Beat Bertschy, Dominicq Riedo und Franz Baeriswyl haben in einem Beitrag zu den Beurteilungsformen im kompetenzorientierten Unterricht die Leitlinien des Bewertens im kompetenzorientierten Unterricht zusammengetragen, die im Folgenden in verdichteter Form wiedergegeben werden. Im Vergleich zum klassischen Lernen, Testen und Prüfen unterscheidet sich die kompetenzorientierte Beurteilung durch Bewertungskriterien, welche auf nach Leistungsniveaus abgestuften Kompetenzbeschreibungen (z.B. Kompetenzrastern) beruhen. Dadurch erhalten die Lehrpersonen differenziertere Beurteilungskriterien, als es in der herkömmlichen Form die Lernziele darstellen. Bei dieser Form der Beurteilung stehen die Lehrpersonen vor der Herausforderung anspruchsvolle Aufgaben zu gestalten, mit denen Kompetenzen auf den verschiedenen Stufen geprüft werden können. (BERTSCHY/RIEDO/BAERISWYL: 2014, 375ff) Das Problem dabei ist, dass nicht die Kompetenzen selbst, sondern nur die darauf aufbauende Performanz in einer Lernstandskontrolle abgefragt werden kann.
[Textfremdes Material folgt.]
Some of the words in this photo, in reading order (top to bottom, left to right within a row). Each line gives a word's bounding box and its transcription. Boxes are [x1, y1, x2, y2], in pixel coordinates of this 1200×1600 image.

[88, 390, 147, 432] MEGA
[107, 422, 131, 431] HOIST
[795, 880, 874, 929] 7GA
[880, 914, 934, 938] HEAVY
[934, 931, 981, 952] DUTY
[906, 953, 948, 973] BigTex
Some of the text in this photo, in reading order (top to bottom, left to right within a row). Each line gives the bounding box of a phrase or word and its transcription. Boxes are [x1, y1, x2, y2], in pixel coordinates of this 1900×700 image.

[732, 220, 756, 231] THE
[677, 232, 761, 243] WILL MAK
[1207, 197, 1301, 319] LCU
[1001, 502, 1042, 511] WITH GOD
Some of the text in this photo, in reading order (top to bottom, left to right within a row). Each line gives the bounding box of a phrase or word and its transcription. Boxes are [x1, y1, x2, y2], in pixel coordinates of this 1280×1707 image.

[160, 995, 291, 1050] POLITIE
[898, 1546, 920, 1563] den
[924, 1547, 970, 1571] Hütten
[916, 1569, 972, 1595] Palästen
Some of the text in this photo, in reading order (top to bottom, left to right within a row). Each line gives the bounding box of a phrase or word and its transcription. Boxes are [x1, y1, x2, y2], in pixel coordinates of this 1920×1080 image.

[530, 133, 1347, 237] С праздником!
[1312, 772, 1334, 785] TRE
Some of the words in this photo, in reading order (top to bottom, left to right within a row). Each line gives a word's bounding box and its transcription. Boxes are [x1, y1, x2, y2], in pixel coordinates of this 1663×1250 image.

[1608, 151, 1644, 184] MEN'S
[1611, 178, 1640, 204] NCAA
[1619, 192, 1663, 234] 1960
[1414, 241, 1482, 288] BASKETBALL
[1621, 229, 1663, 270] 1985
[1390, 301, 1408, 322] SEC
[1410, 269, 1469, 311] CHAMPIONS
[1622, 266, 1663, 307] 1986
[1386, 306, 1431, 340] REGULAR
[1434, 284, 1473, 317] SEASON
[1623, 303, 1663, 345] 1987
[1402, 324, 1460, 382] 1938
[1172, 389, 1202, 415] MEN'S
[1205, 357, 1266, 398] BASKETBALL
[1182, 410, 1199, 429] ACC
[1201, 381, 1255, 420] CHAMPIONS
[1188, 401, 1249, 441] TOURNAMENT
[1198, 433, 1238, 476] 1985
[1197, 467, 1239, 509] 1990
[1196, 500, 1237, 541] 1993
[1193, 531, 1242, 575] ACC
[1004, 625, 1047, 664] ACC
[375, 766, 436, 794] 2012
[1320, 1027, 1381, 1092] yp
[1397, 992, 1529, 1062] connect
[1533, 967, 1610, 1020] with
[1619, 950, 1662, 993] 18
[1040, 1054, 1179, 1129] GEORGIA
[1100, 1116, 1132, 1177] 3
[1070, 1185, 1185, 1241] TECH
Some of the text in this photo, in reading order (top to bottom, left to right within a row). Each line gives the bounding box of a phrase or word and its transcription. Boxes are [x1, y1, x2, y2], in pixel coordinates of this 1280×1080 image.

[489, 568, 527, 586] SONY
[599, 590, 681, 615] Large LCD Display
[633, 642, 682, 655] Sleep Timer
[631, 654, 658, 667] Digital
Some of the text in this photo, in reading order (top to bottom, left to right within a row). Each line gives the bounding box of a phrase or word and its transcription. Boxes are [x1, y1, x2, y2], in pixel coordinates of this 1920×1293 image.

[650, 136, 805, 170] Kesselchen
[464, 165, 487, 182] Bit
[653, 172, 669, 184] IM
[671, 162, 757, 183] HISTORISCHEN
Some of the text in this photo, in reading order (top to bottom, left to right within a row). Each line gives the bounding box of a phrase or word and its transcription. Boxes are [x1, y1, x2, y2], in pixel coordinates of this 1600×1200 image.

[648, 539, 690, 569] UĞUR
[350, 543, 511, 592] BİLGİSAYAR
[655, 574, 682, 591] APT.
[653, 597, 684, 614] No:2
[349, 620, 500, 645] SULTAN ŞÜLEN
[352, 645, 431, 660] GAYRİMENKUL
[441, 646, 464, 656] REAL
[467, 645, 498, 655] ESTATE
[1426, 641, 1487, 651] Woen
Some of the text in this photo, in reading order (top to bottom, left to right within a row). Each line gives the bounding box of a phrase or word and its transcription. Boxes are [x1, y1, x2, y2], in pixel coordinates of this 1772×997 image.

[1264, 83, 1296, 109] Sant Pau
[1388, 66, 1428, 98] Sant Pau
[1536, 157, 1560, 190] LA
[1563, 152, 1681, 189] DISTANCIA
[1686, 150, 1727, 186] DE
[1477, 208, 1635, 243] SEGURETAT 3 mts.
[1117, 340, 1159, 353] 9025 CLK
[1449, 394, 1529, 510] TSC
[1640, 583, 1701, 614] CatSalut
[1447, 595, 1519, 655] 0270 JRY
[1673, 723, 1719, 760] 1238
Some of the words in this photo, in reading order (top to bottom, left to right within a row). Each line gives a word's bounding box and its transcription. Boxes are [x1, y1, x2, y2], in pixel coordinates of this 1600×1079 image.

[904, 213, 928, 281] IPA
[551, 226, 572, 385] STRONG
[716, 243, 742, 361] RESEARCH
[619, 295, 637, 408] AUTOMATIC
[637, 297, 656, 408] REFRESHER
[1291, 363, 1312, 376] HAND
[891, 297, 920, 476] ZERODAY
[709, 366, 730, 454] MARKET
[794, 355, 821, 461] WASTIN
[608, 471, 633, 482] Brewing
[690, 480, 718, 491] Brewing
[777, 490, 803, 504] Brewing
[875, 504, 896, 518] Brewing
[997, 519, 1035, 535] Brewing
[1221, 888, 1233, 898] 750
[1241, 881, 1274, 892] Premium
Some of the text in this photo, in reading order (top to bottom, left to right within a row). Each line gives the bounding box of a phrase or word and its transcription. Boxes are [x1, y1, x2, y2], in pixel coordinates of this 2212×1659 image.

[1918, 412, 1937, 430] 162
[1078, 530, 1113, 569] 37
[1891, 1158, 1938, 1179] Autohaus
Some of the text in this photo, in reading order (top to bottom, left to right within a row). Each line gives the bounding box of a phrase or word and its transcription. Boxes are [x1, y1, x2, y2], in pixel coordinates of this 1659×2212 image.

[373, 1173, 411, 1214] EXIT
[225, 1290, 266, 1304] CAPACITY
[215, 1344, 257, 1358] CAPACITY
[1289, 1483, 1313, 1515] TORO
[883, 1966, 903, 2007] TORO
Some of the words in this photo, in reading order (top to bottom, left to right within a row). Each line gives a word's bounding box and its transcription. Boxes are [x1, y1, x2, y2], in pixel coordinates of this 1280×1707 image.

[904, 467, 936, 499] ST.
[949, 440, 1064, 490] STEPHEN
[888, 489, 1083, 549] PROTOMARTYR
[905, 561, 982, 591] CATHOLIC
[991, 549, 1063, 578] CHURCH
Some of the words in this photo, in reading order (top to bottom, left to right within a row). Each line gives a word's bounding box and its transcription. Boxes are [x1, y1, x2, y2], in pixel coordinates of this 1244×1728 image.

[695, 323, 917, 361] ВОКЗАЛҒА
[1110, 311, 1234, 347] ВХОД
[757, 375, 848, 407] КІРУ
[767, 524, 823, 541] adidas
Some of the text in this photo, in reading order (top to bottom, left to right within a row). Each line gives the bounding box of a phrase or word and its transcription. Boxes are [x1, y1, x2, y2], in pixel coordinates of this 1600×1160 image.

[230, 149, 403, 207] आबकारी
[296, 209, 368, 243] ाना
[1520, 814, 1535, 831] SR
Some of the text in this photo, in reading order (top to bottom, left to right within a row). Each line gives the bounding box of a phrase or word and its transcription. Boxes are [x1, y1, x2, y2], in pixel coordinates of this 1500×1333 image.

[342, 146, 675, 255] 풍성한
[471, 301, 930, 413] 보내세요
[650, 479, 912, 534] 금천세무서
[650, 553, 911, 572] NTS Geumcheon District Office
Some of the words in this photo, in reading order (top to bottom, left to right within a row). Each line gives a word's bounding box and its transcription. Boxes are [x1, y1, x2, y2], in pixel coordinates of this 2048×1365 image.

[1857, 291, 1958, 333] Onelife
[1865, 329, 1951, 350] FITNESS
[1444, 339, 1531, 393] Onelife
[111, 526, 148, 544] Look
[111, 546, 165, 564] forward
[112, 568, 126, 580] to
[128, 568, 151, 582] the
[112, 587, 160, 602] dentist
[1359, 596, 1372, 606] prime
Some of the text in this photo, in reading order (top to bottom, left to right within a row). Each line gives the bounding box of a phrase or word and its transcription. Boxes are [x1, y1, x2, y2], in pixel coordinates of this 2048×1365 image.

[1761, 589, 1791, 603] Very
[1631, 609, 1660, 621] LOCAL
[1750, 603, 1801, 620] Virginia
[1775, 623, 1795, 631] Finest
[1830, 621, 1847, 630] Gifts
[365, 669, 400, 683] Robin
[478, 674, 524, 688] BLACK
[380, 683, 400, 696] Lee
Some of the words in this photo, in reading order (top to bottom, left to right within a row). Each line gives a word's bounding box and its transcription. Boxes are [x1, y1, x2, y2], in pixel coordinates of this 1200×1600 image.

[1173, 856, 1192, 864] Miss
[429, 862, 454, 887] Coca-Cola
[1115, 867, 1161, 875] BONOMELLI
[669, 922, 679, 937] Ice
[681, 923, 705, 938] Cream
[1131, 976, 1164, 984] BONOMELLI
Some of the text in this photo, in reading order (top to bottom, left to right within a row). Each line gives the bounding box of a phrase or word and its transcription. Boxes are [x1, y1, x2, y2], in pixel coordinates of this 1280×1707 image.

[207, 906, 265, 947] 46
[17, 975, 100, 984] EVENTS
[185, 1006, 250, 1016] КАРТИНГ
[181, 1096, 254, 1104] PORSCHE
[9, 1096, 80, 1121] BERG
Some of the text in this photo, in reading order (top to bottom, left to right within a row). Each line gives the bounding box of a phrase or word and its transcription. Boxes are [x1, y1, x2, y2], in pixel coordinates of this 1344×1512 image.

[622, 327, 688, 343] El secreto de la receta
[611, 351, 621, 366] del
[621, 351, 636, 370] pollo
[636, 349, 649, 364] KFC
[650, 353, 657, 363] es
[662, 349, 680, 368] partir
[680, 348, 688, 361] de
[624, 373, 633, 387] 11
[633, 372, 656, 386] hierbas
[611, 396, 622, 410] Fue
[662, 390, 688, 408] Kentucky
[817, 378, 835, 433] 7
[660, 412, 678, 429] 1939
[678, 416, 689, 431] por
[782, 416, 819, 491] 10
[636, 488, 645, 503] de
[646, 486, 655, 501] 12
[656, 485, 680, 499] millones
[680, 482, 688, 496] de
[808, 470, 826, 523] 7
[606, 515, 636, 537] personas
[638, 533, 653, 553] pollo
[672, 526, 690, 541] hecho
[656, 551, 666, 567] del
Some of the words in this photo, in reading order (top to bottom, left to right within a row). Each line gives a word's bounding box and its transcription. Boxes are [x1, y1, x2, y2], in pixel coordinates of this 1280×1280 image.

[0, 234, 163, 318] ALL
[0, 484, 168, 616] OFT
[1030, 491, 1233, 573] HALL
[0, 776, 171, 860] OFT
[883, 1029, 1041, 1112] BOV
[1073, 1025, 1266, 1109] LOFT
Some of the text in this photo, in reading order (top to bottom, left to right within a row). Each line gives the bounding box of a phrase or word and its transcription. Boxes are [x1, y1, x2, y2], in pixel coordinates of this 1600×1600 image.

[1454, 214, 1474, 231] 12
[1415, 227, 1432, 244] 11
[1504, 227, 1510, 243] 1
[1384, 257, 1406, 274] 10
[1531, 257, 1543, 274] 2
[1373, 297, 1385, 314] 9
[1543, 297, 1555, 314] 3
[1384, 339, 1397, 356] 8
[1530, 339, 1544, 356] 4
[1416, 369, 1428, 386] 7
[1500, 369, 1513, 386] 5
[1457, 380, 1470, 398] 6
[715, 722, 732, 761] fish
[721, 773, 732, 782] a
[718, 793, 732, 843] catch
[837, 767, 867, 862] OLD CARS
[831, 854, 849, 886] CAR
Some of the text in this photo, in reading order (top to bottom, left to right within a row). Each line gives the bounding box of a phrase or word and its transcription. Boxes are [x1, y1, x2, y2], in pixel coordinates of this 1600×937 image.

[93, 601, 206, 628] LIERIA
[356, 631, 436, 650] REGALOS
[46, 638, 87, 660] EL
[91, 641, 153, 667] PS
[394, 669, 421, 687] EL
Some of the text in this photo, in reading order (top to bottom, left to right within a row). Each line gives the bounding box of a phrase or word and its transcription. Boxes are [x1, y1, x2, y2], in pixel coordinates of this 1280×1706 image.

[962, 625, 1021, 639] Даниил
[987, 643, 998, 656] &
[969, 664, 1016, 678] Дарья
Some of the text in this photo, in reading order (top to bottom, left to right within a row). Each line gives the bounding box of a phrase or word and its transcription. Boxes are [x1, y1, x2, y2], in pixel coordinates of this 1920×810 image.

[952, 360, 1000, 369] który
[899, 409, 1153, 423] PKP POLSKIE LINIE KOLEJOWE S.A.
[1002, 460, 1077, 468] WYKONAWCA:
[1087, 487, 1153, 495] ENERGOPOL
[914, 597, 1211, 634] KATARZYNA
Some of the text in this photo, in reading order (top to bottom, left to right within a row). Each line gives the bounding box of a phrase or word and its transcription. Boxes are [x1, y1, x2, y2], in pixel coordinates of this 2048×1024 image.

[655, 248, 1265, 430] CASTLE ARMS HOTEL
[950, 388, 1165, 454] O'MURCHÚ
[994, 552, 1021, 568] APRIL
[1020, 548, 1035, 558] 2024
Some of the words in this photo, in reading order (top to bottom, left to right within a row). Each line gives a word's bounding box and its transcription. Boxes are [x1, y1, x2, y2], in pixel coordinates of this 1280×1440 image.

Hilbert Meyer führt dazu aus, dass der Begriff Kompetenz (wörtlich übersetzt „Fähigkeit“) ein theoretisches Konstrukt ist, also eine Erfindung von Wissenschaftlern, mit deren Hilfe zwischen der gezeigten Leistung und den ihr zugrundeliegenden Tiefenstrukturen unterschieden wird. Man kann Kompetenzen ebenso wenig sehen, riechen oder fühlen wie das Lernen. Man sieht nur, was Menschen mithilfe ihrer Kompetenzen zustande bringen. (MEYER: 2007, 147). Eine erste Schwierigkeit liegt also darin die Aufgaben so zu formulieren, dass die geforderte Performanz tatsächlich Rückschlüsse auf die zu beurteilende Kompetenz zulässt.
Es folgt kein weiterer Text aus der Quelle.